Historic preservation in Salisbury
May is National Preservation Month. The theme this year is “Celebrating America’s Treasures.” If you are new to the Charlotte Region, you may not be aware of the many historic treasures that can be found in this area. One of those treasures is undoubtedly the City of Salisbury, which is about 45 minutes northeast of Uptown Charlotte. Communities from around the country often send delegations to visit Salisbury in hopes of learning the secret to their success in historic preservation.
The physical results of Salisbury’s success are numerous and impressive. Their train depot, commercial district and in-town neighborhoods are showcases of beautifully preserved and maintained properties. Visiting on a recent weekday morning in May, the streets were full of people. This is not a town that treats preservation as an end in itself. Salisbury has created a culture that makes preservation a natural part of the way things should be done, and part of the fabric of their community.
With institutions like the Historic Foundation of Salisbury and The Rowan Museum, the town supports two historic house museums and has a volunteer community active in preserving its history. The Historic Foundation of Salisbury was formed in 1972 to save the Hall House, which is now one of the town’s historic house museums. Since that time, the Foundation has been instrumental in saving and preserving structures of all kinds (including a Second Empire style roller mill and an early 20th century ice house). (See examples of some of the saved properties)
The Rowan Museum, founded in 1953 and housed in the 1854 Courthouse Building tells the colorful history of what was once the most important colonial outpost in western North Carolina. The museum also chronicles the Civil War period in Salisbury where the only Confederate prison in North Carolina was located. Salisbury is now home to a national cemetery full of monuments to union war dead from that prison, including one from the State of Pennsylvania commemorating the largest number of Pennsylvania dead buried in any cemetery.

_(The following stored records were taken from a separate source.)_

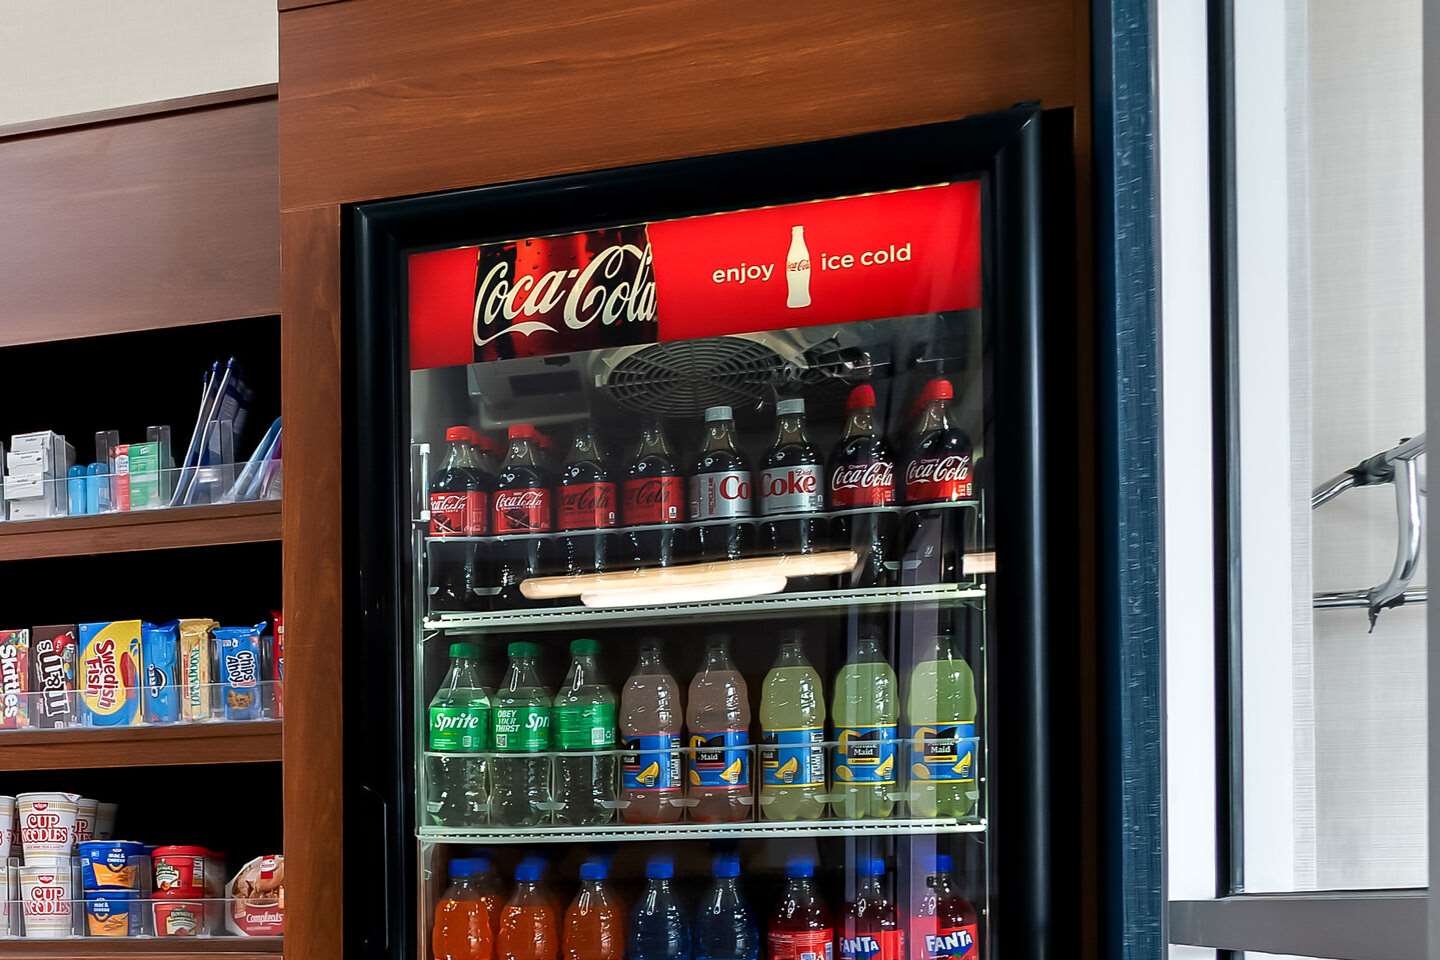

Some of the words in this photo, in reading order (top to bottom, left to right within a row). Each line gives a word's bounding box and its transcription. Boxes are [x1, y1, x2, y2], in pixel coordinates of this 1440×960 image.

[474, 244, 657, 346] Coca-Cola
[712, 262, 774, 285] enjoy
[821, 252, 854, 271] ice
[860, 243, 912, 267] cold
[832, 461, 893, 491] Coca-Cola
[906, 455, 969, 485] Coca-Cola
[760, 471, 817, 497] Coke
[85, 656, 102, 696] Fish
[95, 639, 118, 709] Swedish
[237, 651, 255, 681] Chips
[0, 644, 20, 718] Skittles
[435, 712, 479, 731] Sprite
[497, 710, 517, 718] OBEY
[495, 724, 520, 732] THIRST
[853, 748, 874, 756] Maid
[930, 746, 951, 754] Maid
[27, 813, 60, 829] CUP
[31, 887, 64, 901] CUP
[840, 936, 880, 953] FANTA
[925, 930, 973, 952] FANTA
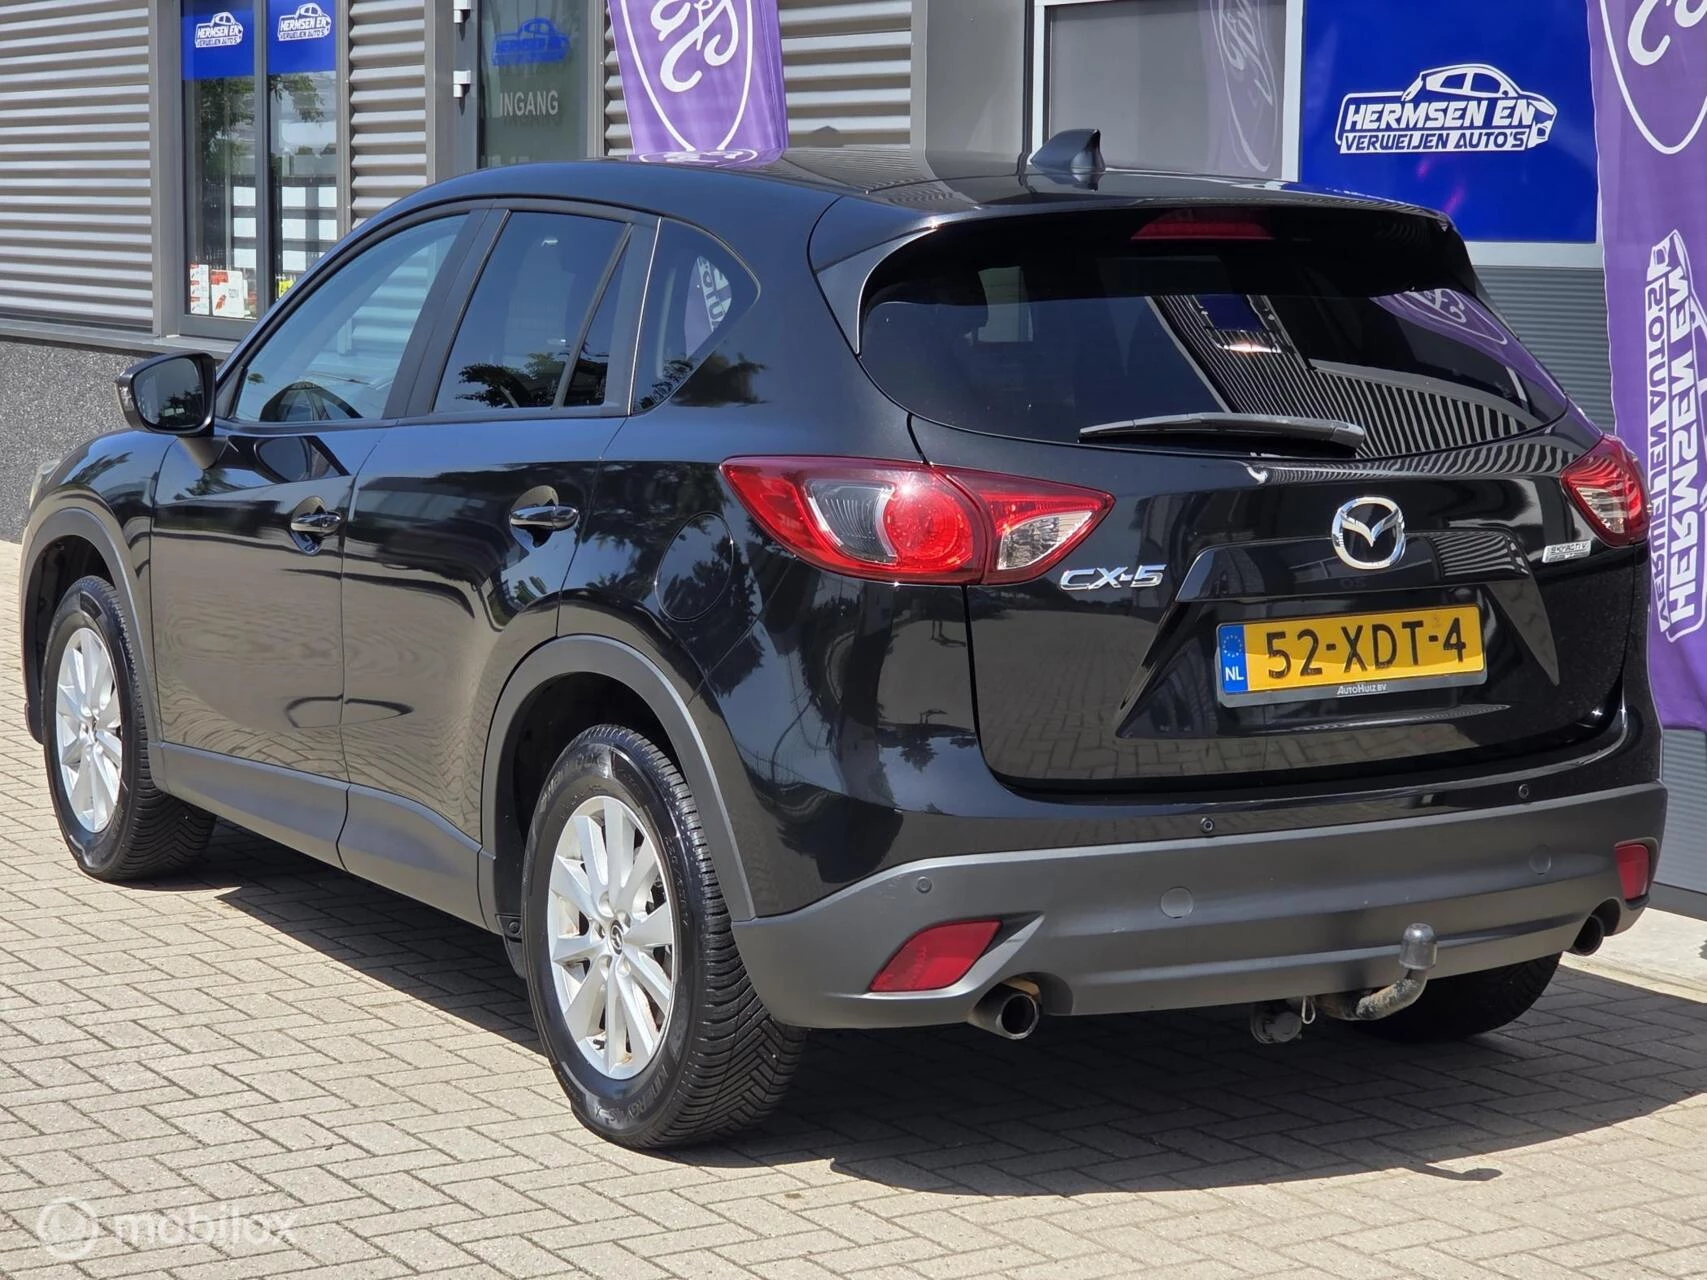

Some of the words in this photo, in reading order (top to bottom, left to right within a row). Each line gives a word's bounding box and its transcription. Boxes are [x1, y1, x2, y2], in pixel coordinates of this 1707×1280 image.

[197, 26, 228, 38] HERMSEN
[280, 18, 315, 31] HERMSEN
[500, 90, 559, 117] INGANG
[1344, 100, 1488, 130] HERMSEN
[1492, 99, 1536, 127] EN
[1345, 132, 1449, 152] VERWEIJEN
[1454, 130, 1528, 150] AUTO'S
[1060, 564, 1167, 590] CX-5
[1266, 617, 1467, 680] 52-XDT-4
[1225, 665, 1245, 682] NL

Kaye Brown Hirst, Executive Director of the Rowan Museum notes, “I think the citizens of Salisbury and Rowan County are very proud of our ancestry, of who we were and who we are now. And that pride has generated a lot of the preservation efforts in our community… We save everything, whether it is small items here in the museum or big buildings.”
In celebrating historic treasures, Salisbury deserves recognition for the many artifacts of our past they have preserved. The real treasure here, however, may be the culture and community they have built that makes history such an important part of their present and future.